Animal scientists interested in digestive function have long been interested in the fracture of cellular material as an indicator of its susceptibility to crushing and shearing forces during rumination. As a result, strong working relationships have been forged between animal scientists and plant breeders, with much of the work instigated by plant breeders aimed at selecting for plant traits that increased feeding value (FV), and this has been reflected in the strong focus on screening for low shear strength [17]. Plant fracture properties have also been assessed and related to forage avoidance and/or preference and forage intake [18-21], trampling resistance [22], and plant uprooting ("pulling") [23]. Additionally, the impact of environmental constraints on plant fracture properties have been evaluated [16,24] alongside the relationships with bite force [25,26] and bite dimensions [27,28]. Studies predominantly investigate the fracture mechanics of leaves since leaves are innately the preferred morphological organ. Nevertheless, there have been important contributions from examination of the stem properties of monocotyledons [15] and dicotyledons [18,29,30].

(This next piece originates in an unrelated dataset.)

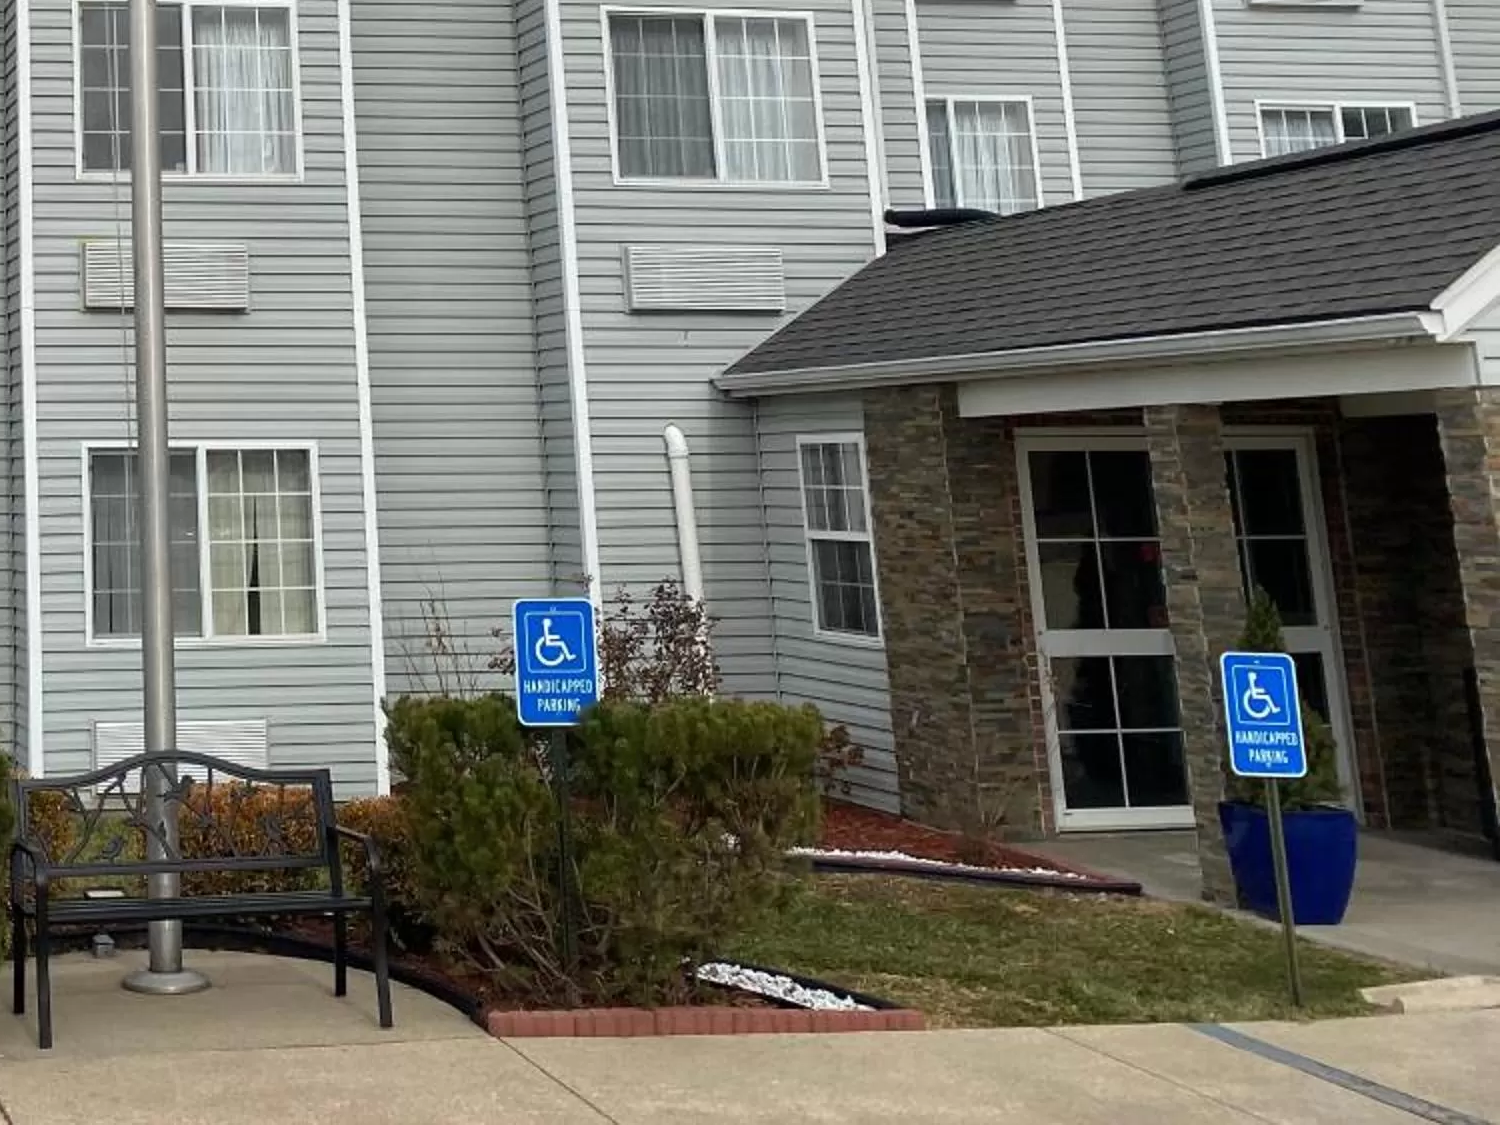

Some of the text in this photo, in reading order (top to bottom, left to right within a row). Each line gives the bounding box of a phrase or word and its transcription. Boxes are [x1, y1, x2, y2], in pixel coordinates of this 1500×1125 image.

There is a broad range of terminology within the subject of fracture mechanics in plants. In an agricultural context, one of the pioneering studies examining plant fracture properties was the work by Evans [31], but like many other studies, this research has attracted widespread criticism for the inconsistency in adhering to the fundamental engineering principles underlying fracture mechanics. Several published studies and review articles have addressed the confusion in the use of descriptive terms and the units of expression for defining the fracture mechanics in plants. This has generally led to better application of terminology, but incorrect parameters and units still surface in the literature [22,23], largely due to the subjective nature of the experimental objectives.

Briefly, fracture in a test specimen involves both the initiation and propagation of a crack. Cracks can be propagated by three contrasting modes: mode I is by tension (crack opening), mode II is by shear (edge-sliding or in-plane shearing movement), and mode III is caused by tearing (out-of-plane shearing movement) [32]. Where ruminants are concerned, mode I fracture tests best describe the harvesting of forage in a predominantly vertical dimension while mode III fracture represents the mechanisms of fracture that take place when forage is crushed and ground against the molars during chewing.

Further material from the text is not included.